→ Exercise description:
Your answer must be an exact copy of the listing, with the images left out.

→ Provided records:
☆ ☆ ☆ ☆ ☆ ☆ ☆
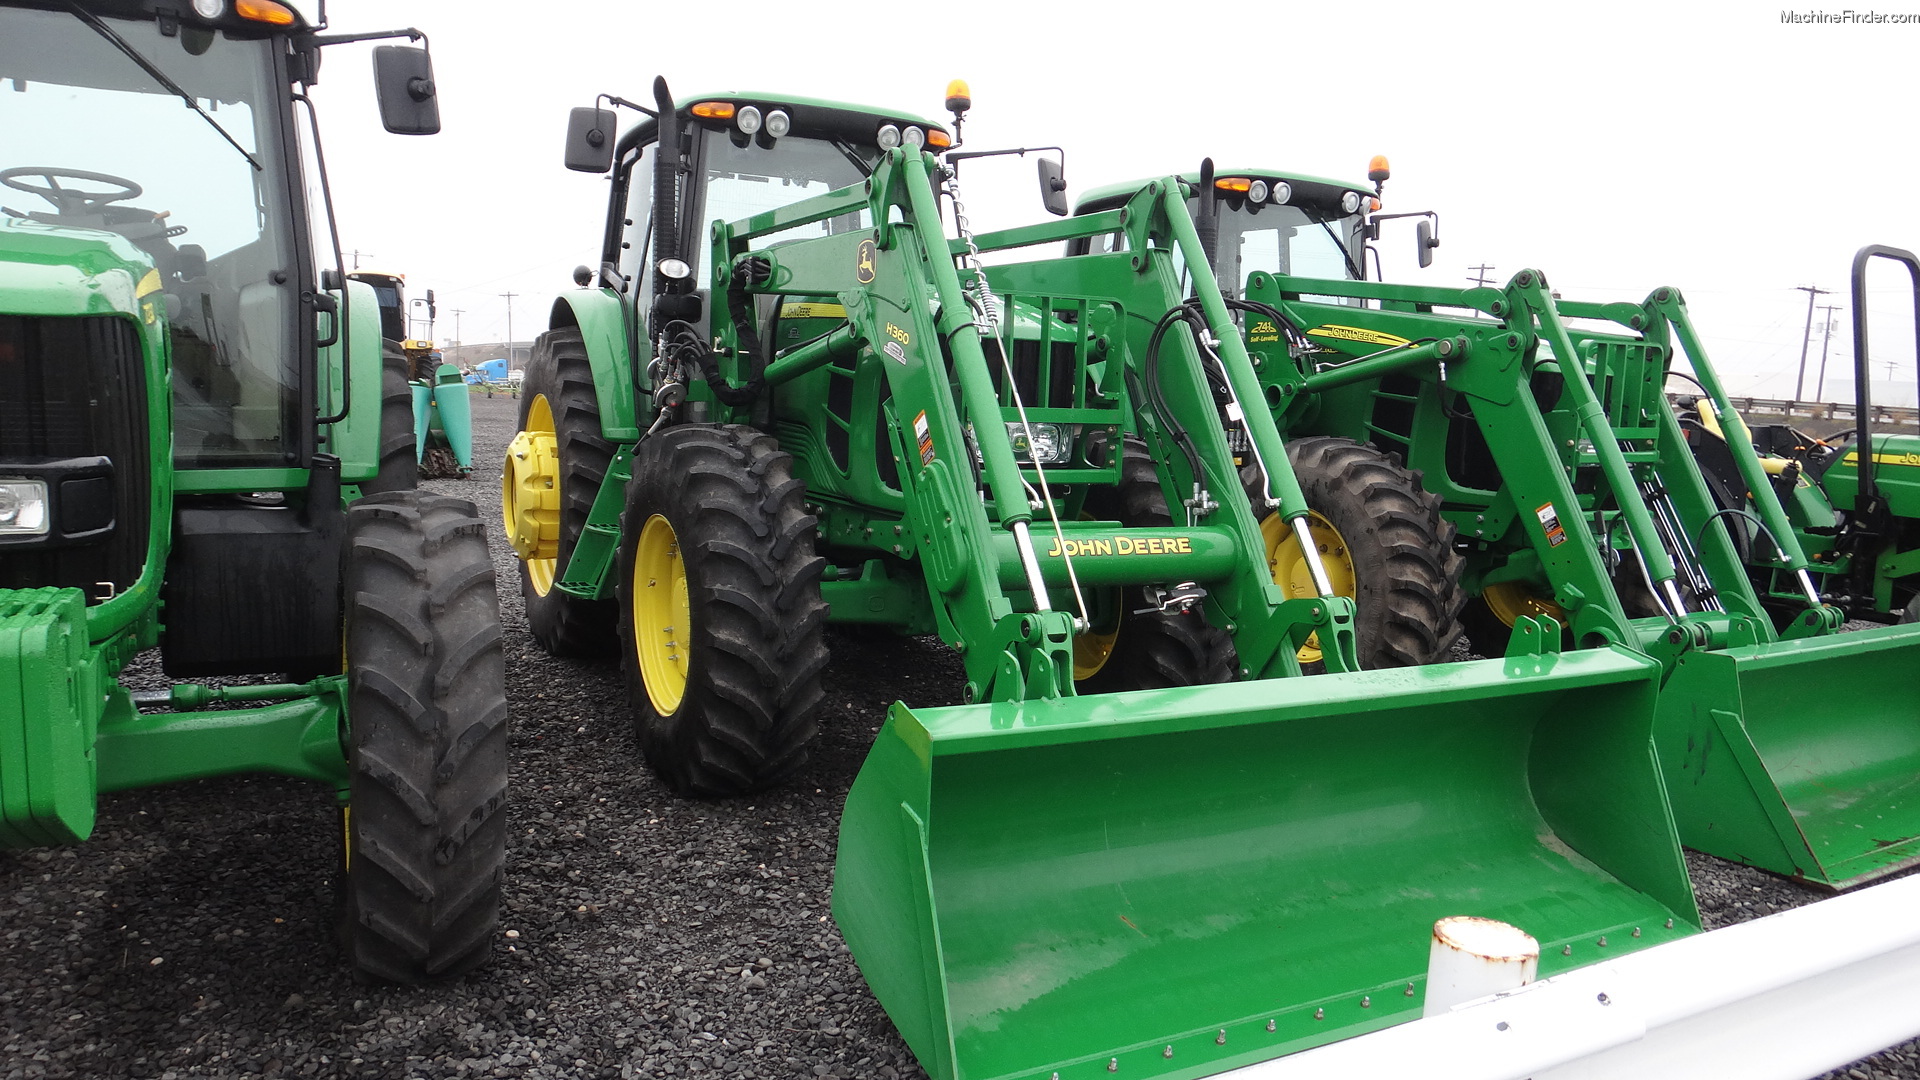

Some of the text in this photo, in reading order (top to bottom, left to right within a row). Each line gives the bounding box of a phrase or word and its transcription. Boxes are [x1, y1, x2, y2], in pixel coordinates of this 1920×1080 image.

[886, 321, 909, 345] H360
[1257, 322, 1271, 332] 741
[1328, 327, 1378, 341] JOHN DEERE
[1049, 536, 1192, 557] JOHN DEERE
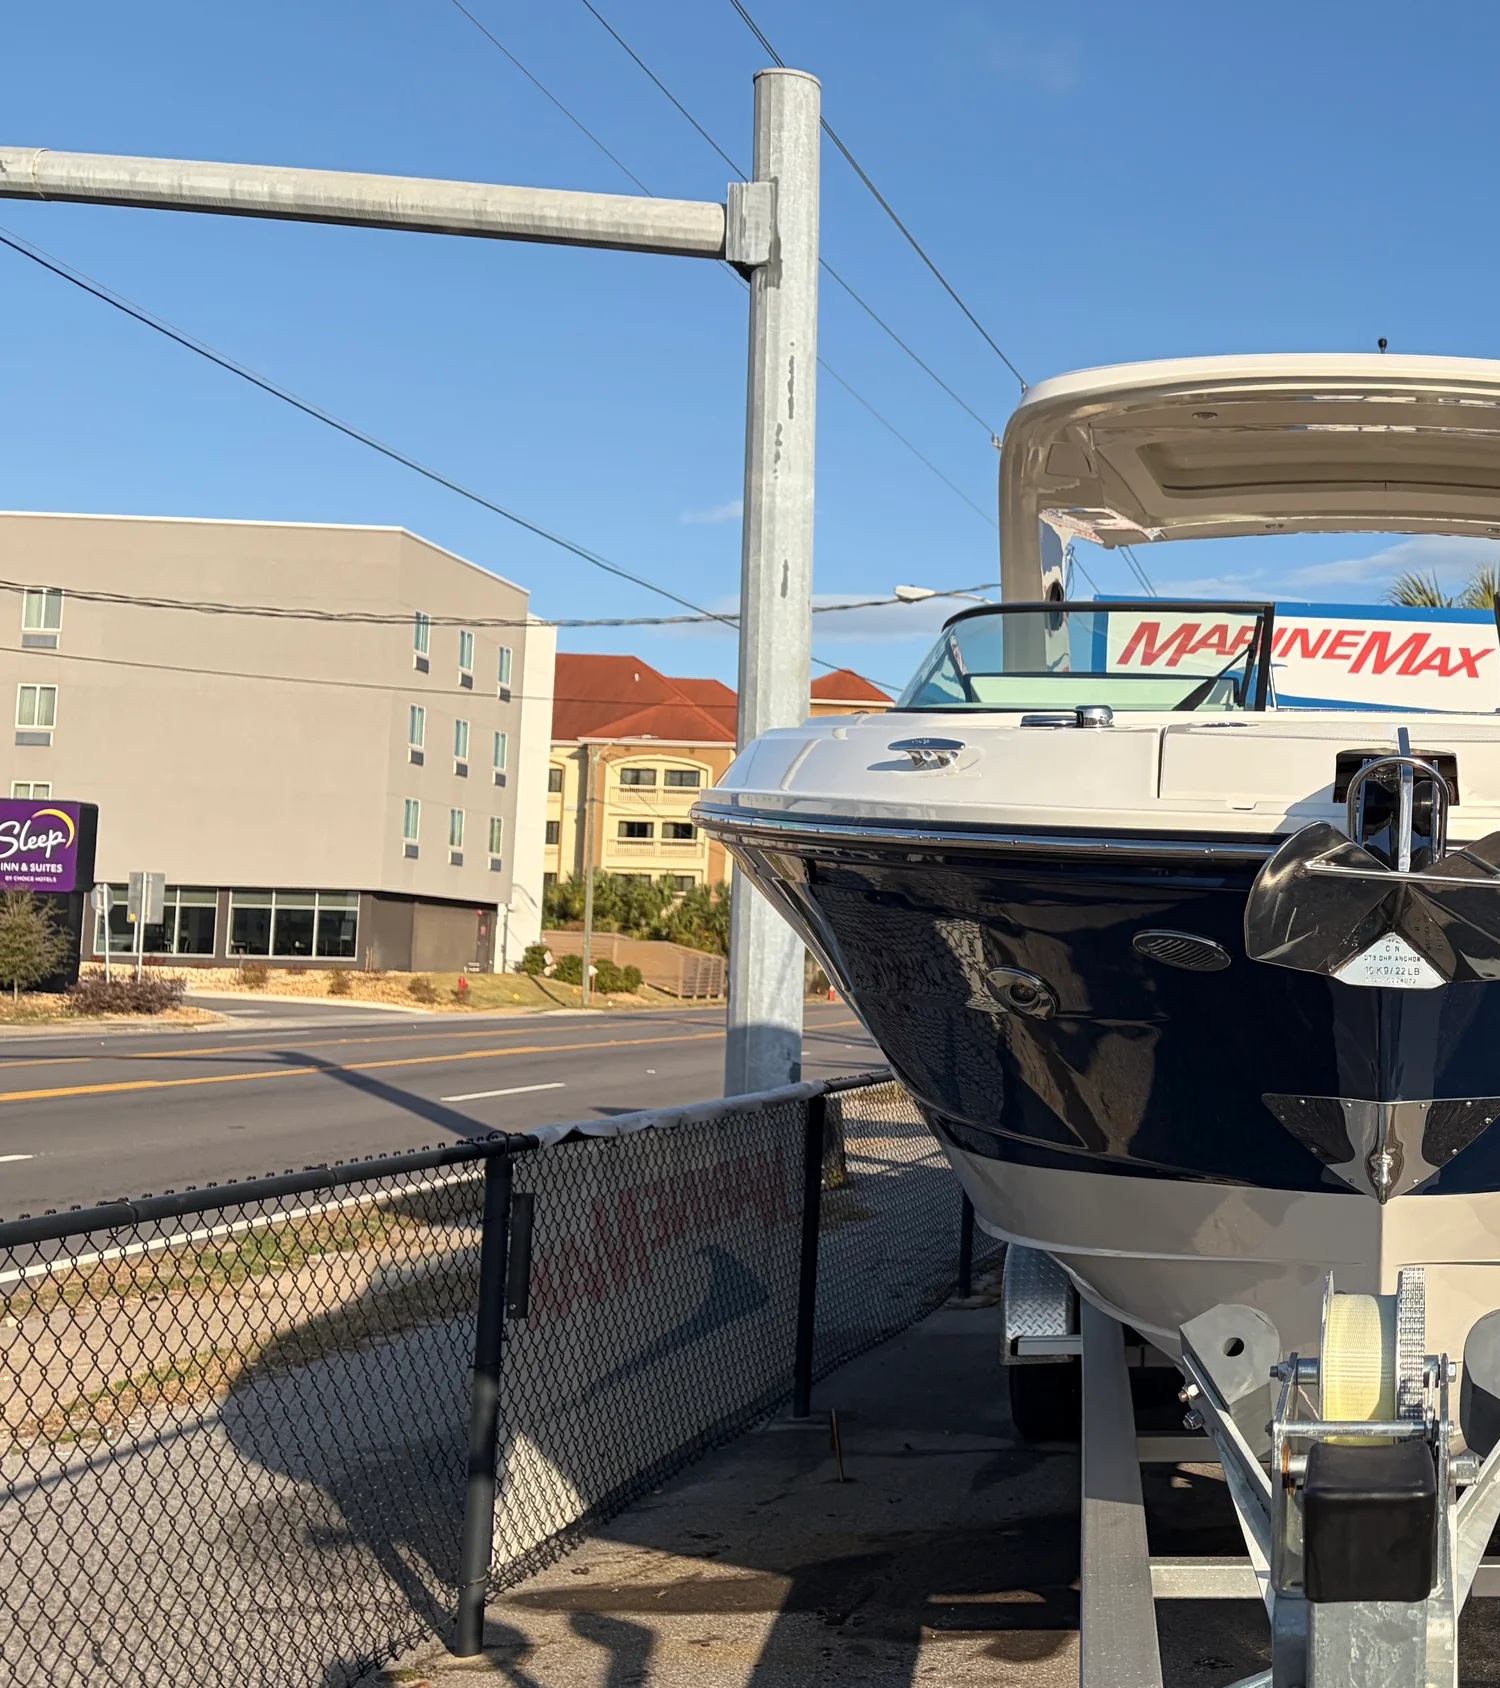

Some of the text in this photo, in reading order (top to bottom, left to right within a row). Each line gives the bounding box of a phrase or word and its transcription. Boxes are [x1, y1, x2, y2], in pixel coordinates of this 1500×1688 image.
☆ ☆ ☆ ☆ ☆ ☆ ☆
→ Answer to this problem:
Some of the text in this photo, in reading order (top to bottom, left to right within a row). Each line gives the bounding box of a phrase or word and its transcription. Boxes are [x1, y1, x2, y2], in pixel coordinates of this 1920×1080 image.

[886, 321, 909, 345] H360
[1257, 322, 1271, 332] 741
[1328, 327, 1378, 341] JOHN DEERE
[1049, 536, 1192, 557] JOHN DEERE

Some of the text in this photo, in reading order (top to bottom, left to right within a row). Each line gives the bounding box of a phrase or word and its transcription. Boxes are [x1, y1, x2, y2], in pixel coordinates of this 1500×1688 image.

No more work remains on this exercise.